- What to work on -
From the first line to the last, repeat the data exactly and drop the pictures.

>>>

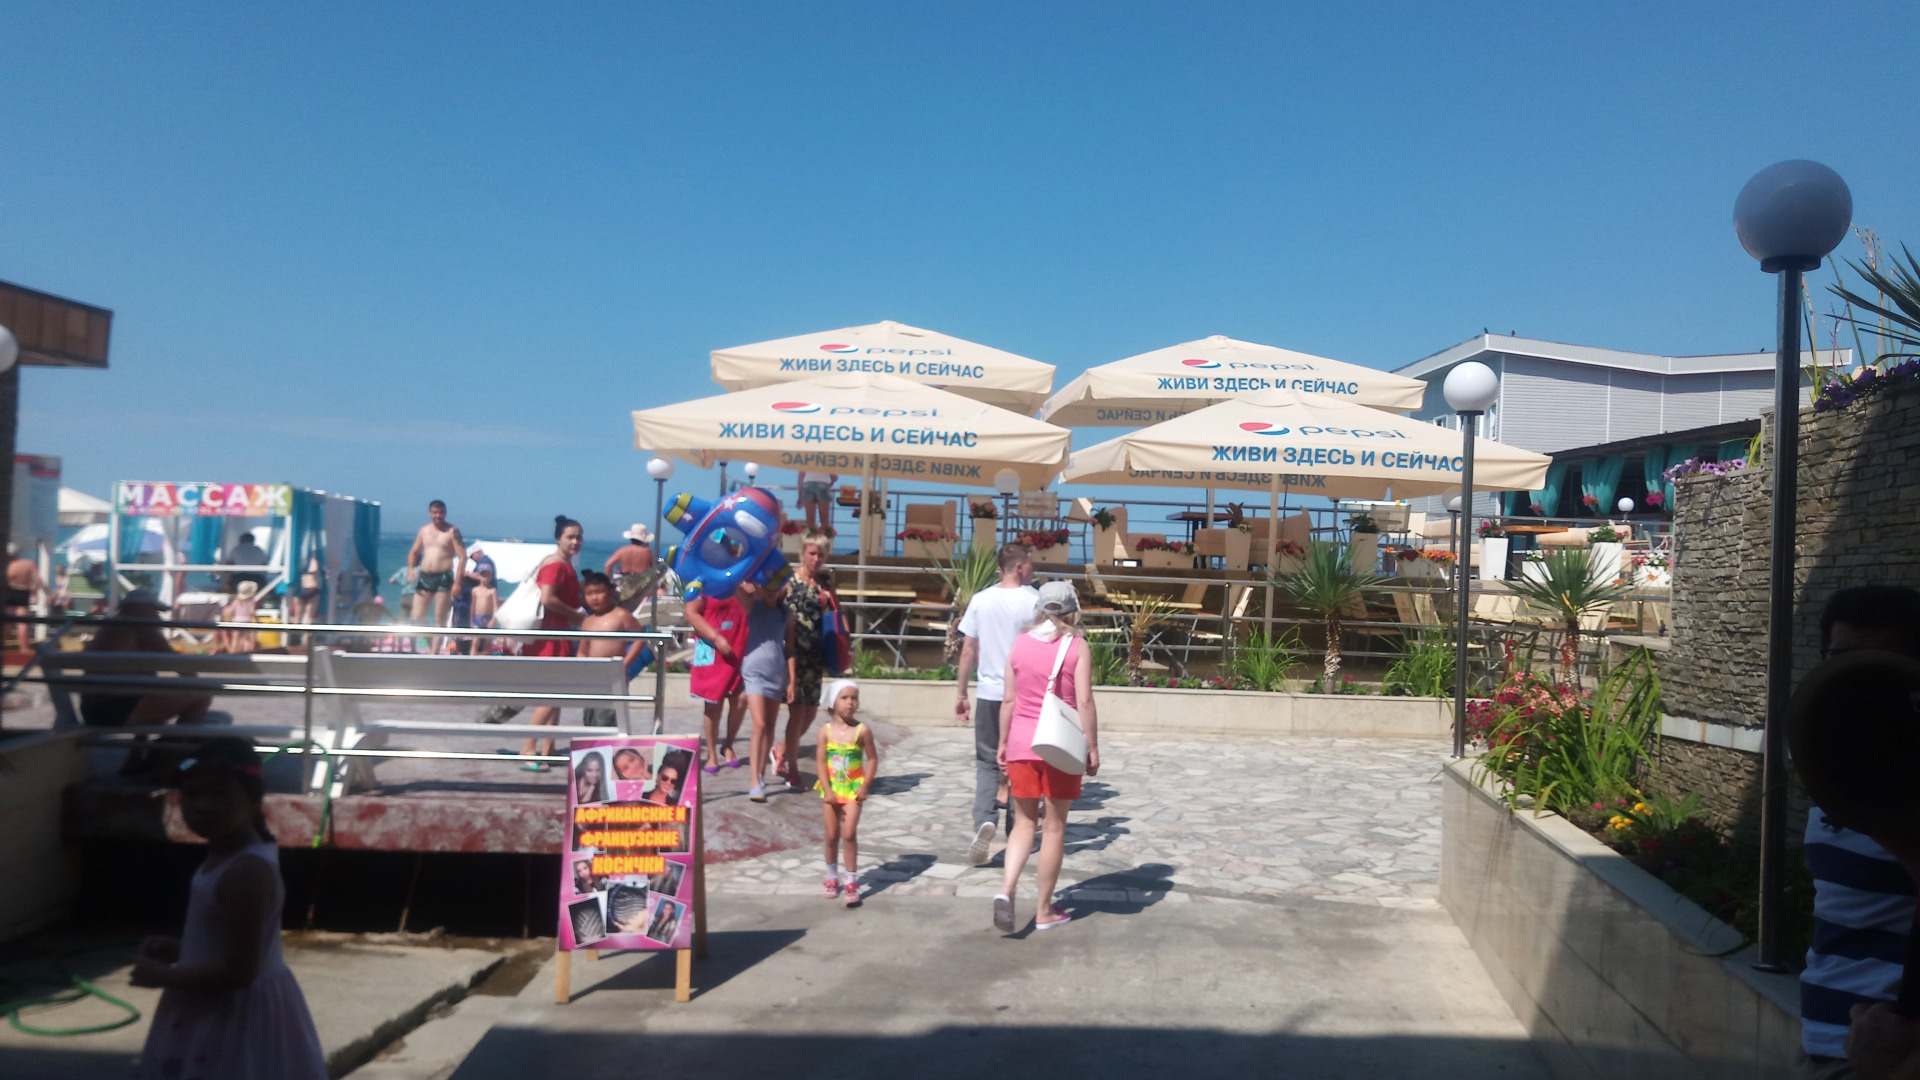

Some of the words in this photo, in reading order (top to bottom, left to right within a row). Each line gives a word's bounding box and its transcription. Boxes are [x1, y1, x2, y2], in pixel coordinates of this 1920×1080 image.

[866, 347, 952, 356] pepsi
[779, 358, 832, 371] ЖИВИ
[836, 359, 895, 373] ЗДЕСЬ
[899, 361, 911, 374] И
[915, 362, 985, 379] СЕЙЧАС
[1229, 362, 1315, 371] pepsi
[1157, 377, 1209, 390] ЖИВИ
[1213, 377, 1271, 392] ЗДЕСЬ
[1275, 379, 1287, 389] И
[1291, 378, 1359, 395] СЕЙЧАС
[830, 406, 938, 418] pepsi
[719, 422, 785, 439] ЖИВИ
[791, 423, 865, 443] ЗДЕСЬ
[870, 426, 885, 443] И
[891, 427, 979, 448] СЕЙЧАС
[1299, 425, 1407, 439] pepsi
[1212, 445, 1277, 462] ЖИВИ
[1283, 446, 1356, 467] ЗДЕСЬ
[1361, 450, 1375, 466] И
[1381, 450, 1464, 472] СЕЙЧАС
[118, 484, 290, 507] МАССАЖ
[574, 806, 675, 823] АФРИКАНСКИЕ
[676, 806, 686, 822] И
[580, 831, 679, 849] ФРАНЦУЗСКИЕ
[592, 855, 665, 874] КОСИЧКИ

<<<

- Answer to this exercise -
Some of the words in this photo, in reading order (top to bottom, left to right within a row). Each line gives a word's bounding box and its transcription. Boxes are [x1, y1, x2, y2], in pixel coordinates of this 1920×1080 image.

[866, 347, 952, 356] pepsi
[779, 358, 832, 371] ЖИВИ
[836, 359, 895, 373] ЗДЕСЬ
[899, 361, 911, 374] И
[915, 362, 985, 379] СЕЙЧАС
[1229, 362, 1315, 371] pepsi
[1157, 377, 1209, 390] ЖИВИ
[1213, 377, 1271, 392] ЗДЕСЬ
[1275, 379, 1287, 389] И
[1291, 378, 1359, 395] СЕЙЧАС
[830, 406, 938, 418] pepsi
[719, 422, 785, 439] ЖИВИ
[791, 423, 865, 443] ЗДЕСЬ
[870, 426, 885, 443] И
[891, 427, 979, 448] СЕЙЧАС
[1299, 425, 1407, 439] pepsi
[1212, 445, 1277, 462] ЖИВИ
[1283, 446, 1356, 467] ЗДЕСЬ
[1361, 450, 1375, 466] И
[1381, 450, 1464, 472] СЕЙЧАС
[118, 484, 290, 507] МАССАЖ
[574, 806, 675, 823] АФРИКАНСКИЕ
[676, 806, 686, 822] И
[580, 831, 679, 849] ФРАНЦУЗСКИЕ
[592, 855, 665, 874] КОСИЧКИ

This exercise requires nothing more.